Repeat the records exactly, minus the pictures.
(Beginning of Data for analysis)
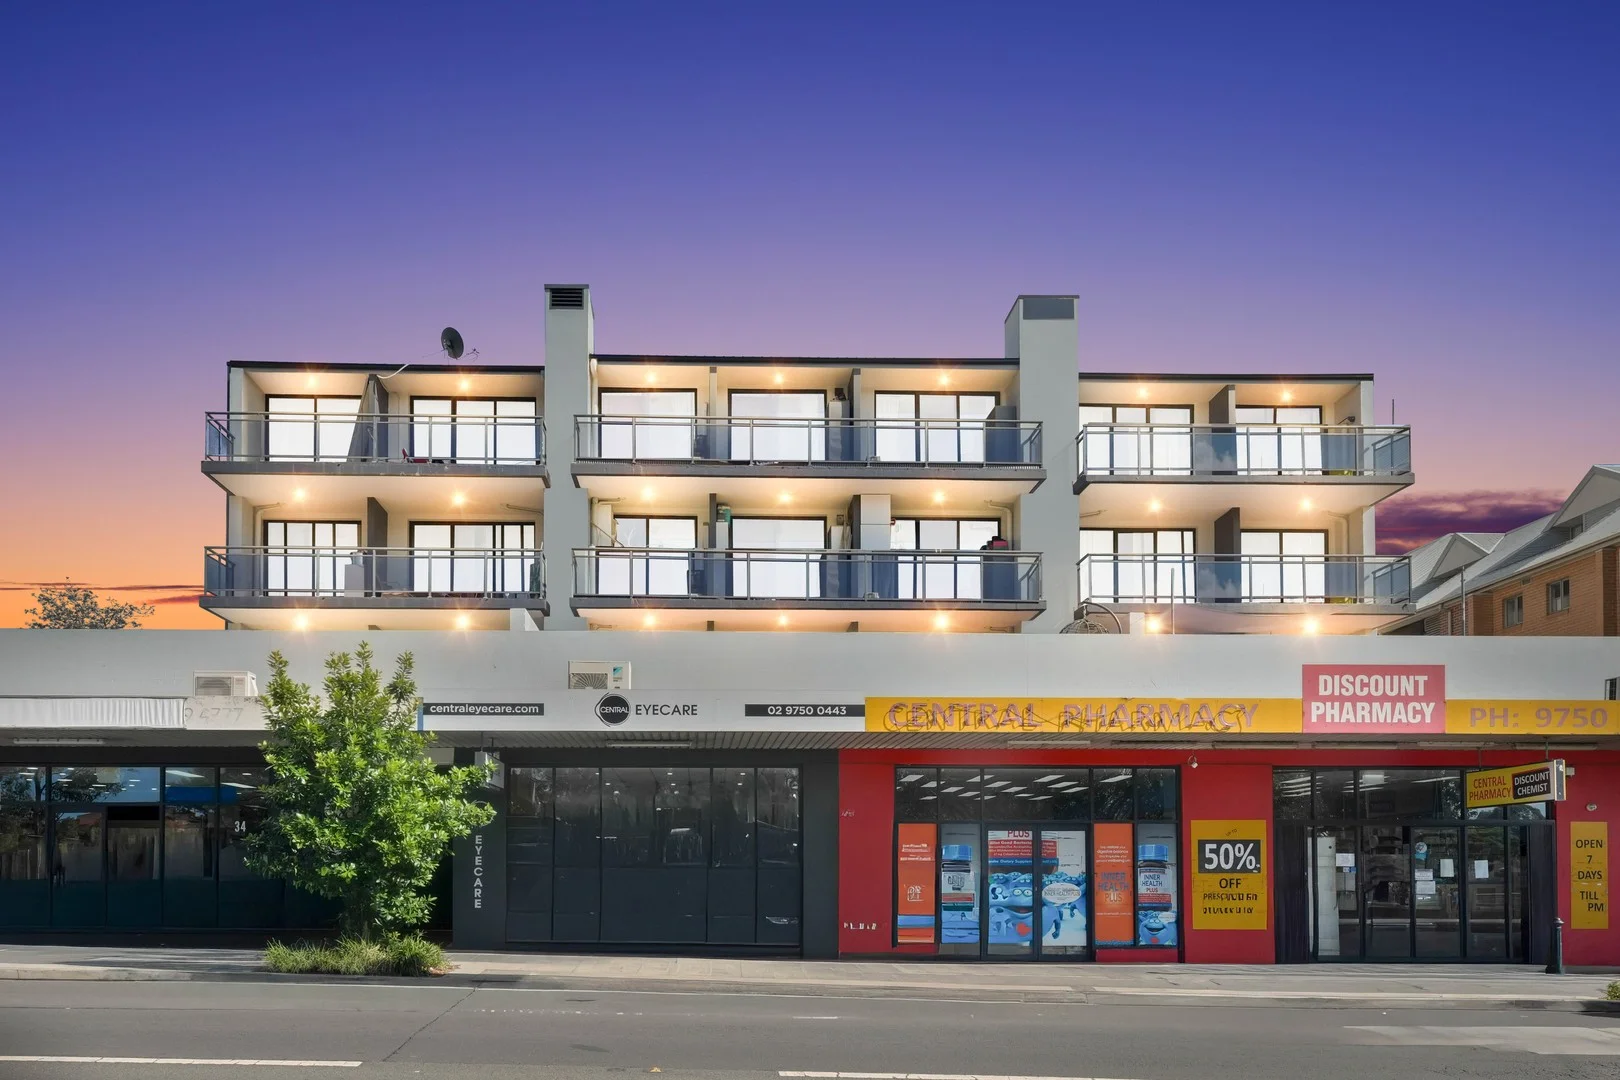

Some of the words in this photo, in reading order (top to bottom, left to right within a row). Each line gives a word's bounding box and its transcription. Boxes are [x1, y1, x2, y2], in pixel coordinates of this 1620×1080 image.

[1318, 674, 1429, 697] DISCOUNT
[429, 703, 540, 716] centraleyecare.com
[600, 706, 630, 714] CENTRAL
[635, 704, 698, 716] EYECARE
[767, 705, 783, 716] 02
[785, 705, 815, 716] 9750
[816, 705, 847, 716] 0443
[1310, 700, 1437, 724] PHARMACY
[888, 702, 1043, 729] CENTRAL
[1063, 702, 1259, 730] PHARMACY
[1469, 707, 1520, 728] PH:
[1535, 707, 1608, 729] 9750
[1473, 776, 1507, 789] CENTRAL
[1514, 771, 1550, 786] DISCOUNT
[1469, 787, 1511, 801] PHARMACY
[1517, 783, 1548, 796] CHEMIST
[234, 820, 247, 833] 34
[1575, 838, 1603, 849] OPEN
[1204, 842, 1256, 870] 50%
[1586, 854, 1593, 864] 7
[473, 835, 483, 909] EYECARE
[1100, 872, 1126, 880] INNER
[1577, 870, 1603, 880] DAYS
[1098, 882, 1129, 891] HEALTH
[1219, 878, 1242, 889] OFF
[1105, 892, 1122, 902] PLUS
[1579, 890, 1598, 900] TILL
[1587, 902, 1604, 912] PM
(End of Data for analysis)
* **Response box**
Some of the words in this photo, in reading order (top to bottom, left to right within a row). Each line gives a word's bounding box and its transcription. Boxes are [x1, y1, x2, y2], in pixel coordinates of this 1620×1080 image.

[1318, 674, 1429, 697] DISCOUNT
[429, 703, 540, 716] centraleyecare.com
[600, 706, 630, 714] CENTRAL
[635, 704, 698, 716] EYECARE
[767, 705, 783, 716] 02
[785, 705, 815, 716] 9750
[816, 705, 847, 716] 0443
[1310, 700, 1437, 724] PHARMACY
[888, 702, 1043, 729] CENTRAL
[1063, 702, 1259, 730] PHARMACY
[1469, 707, 1520, 728] PH:
[1535, 707, 1608, 729] 9750
[1473, 776, 1507, 789] CENTRAL
[1514, 771, 1550, 786] DISCOUNT
[1469, 787, 1511, 801] PHARMACY
[1517, 783, 1548, 796] CHEMIST
[234, 820, 247, 833] 34
[1575, 838, 1603, 849] OPEN
[1204, 842, 1256, 870] 50%
[1586, 854, 1593, 864] 7
[473, 835, 483, 909] EYECARE
[1100, 872, 1126, 880] INNER
[1577, 870, 1603, 880] DAYS
[1098, 882, 1129, 891] HEALTH
[1219, 878, 1242, 889] OFF
[1105, 892, 1122, 902] PLUS
[1579, 890, 1598, 900] TILL
[1587, 902, 1604, 912] PM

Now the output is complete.